By Clay Dillow,  Newser Staff

Posted Mar 5, 2009 10:41 AM CST

(Newser) – Health-care policy debate in America is usually framed around the 45 million (and rising) uninsured, but rarely do policymakers bring up the additional 25 million facing the “shadow problem” of under-insurance, Time reports. These people pay more than 10% of their income on out-of-pocket medical costs, often on flimsy short-term policies that seem generous when you’re healthy, but prove insufficient should you ever really get sick.

Short-term policies treat you as a new patient each time you renew, meaning they can prescribe the premium-escalating term “pre-existing condition” to something that happened while you were insured. Even employer-provided plans are often misunderstood and capped at relatively low annual maximums, leaving the policyholder to cover what can be tens of thousands of dollars. Under these plans, “just about anyone could be one bad diagnosis away from financial ruin.”

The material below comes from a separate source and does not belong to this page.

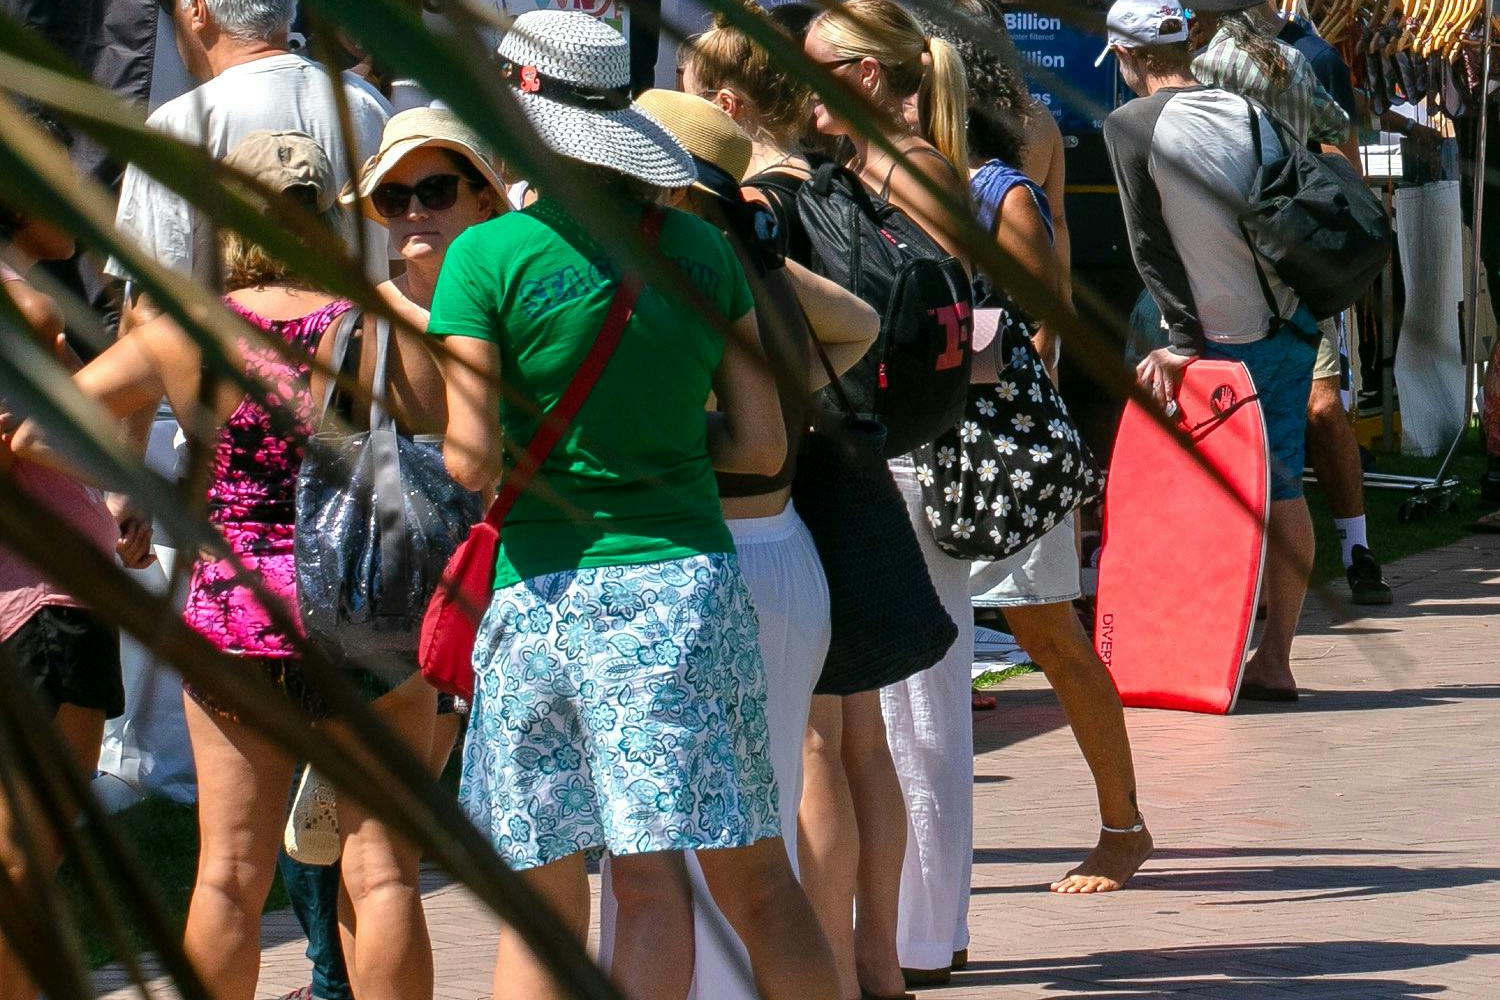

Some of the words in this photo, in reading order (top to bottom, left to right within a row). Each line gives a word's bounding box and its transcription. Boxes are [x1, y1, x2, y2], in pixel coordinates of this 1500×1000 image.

President Barack Obama hopes to provide insurance coverage for all, but often overlooked in the Health Care debate are those who are insured, but not insured enough.
President Barack Obama hopes to provide insurance coverage for all, but often overlooked in the Health Care debate are those who are insured, but not insured enough.   (AP Photo/Gerald Herbert)
Expensive medical screenings, diagnosis and treatments may not be covered, or only be covered to an extent, by many insurers, yet often the under-insured don't know that until they are sick.
Expensive medical screenings, diagnosis and treatments may not be covered, or only be covered to an extent, by many insurers, yet often the under-insured don't know that until they are sick.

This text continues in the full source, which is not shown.